WHAT TO WORK ON » Images within the entries are to be omitted; the remainder must be reproduced exactly.

Top of EXERCISE MATERIAL

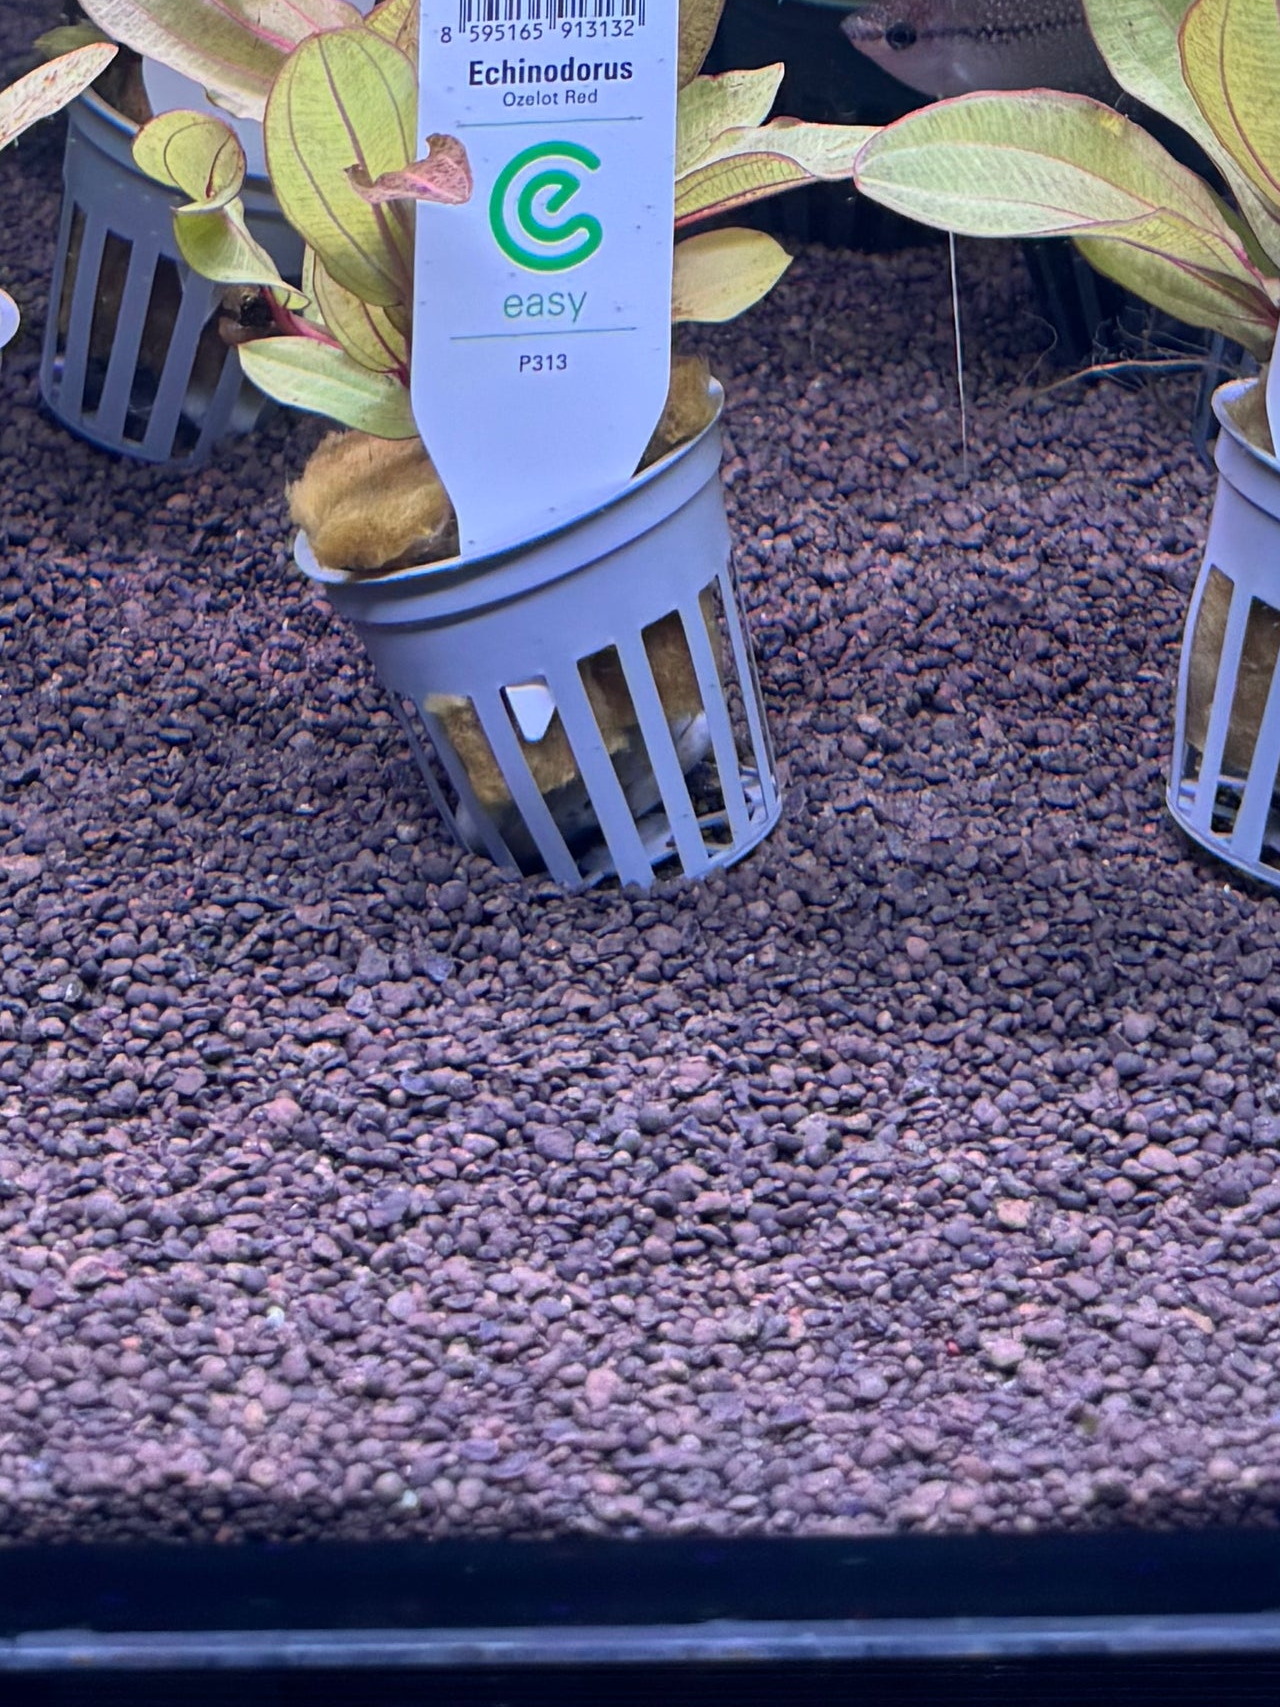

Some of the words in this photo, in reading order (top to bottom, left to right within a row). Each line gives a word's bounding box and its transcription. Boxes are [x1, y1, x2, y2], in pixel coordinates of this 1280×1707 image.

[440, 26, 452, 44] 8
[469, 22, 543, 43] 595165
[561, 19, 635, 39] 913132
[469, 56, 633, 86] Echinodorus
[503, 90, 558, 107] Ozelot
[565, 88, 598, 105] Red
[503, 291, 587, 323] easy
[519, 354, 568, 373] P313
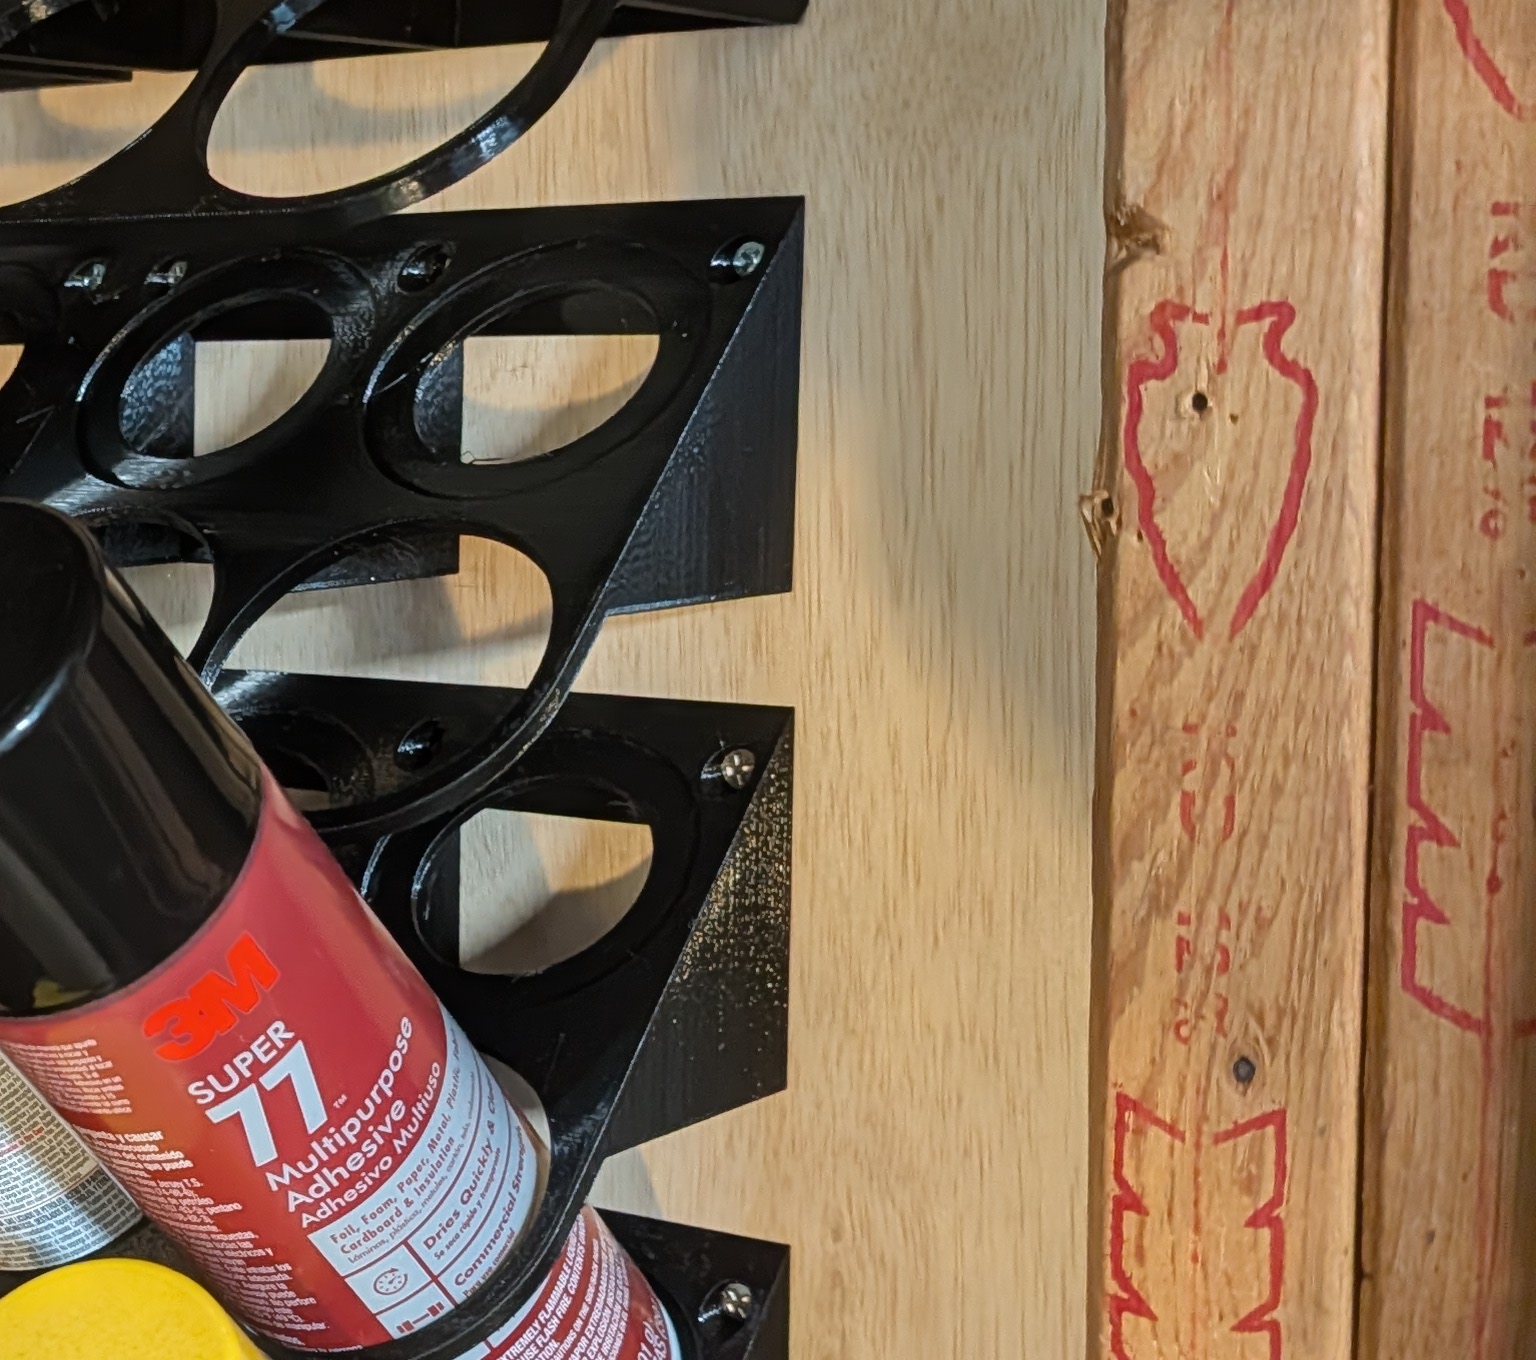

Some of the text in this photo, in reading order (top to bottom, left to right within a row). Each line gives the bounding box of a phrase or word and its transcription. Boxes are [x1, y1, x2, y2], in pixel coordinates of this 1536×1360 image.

Bottom of EXERCISE MATERIAL

OUTPUT BELOW »
Some of the words in this photo, in reading order (top to bottom, left to right within a row). Each line gives a word's bounding box and its transcription. Boxes are [x1, y1, x2, y2], in pixel coordinates of this 1280×1707 image.

[440, 26, 452, 44] 8
[469, 22, 543, 43] 595165
[561, 19, 635, 39] 913132
[469, 56, 633, 86] Echinodorus
[503, 90, 558, 107] Ozelot
[565, 88, 598, 105] Red
[503, 291, 587, 323] easy
[519, 354, 568, 373] P313

Some of the text in this photo, in reading order (top to bottom, left to right within a row). Each line gives the bounding box of a phrase or word and its transcription. Boxes are [x1, y1, x2, y2], in pixel coordinates of this 1536×1360 image.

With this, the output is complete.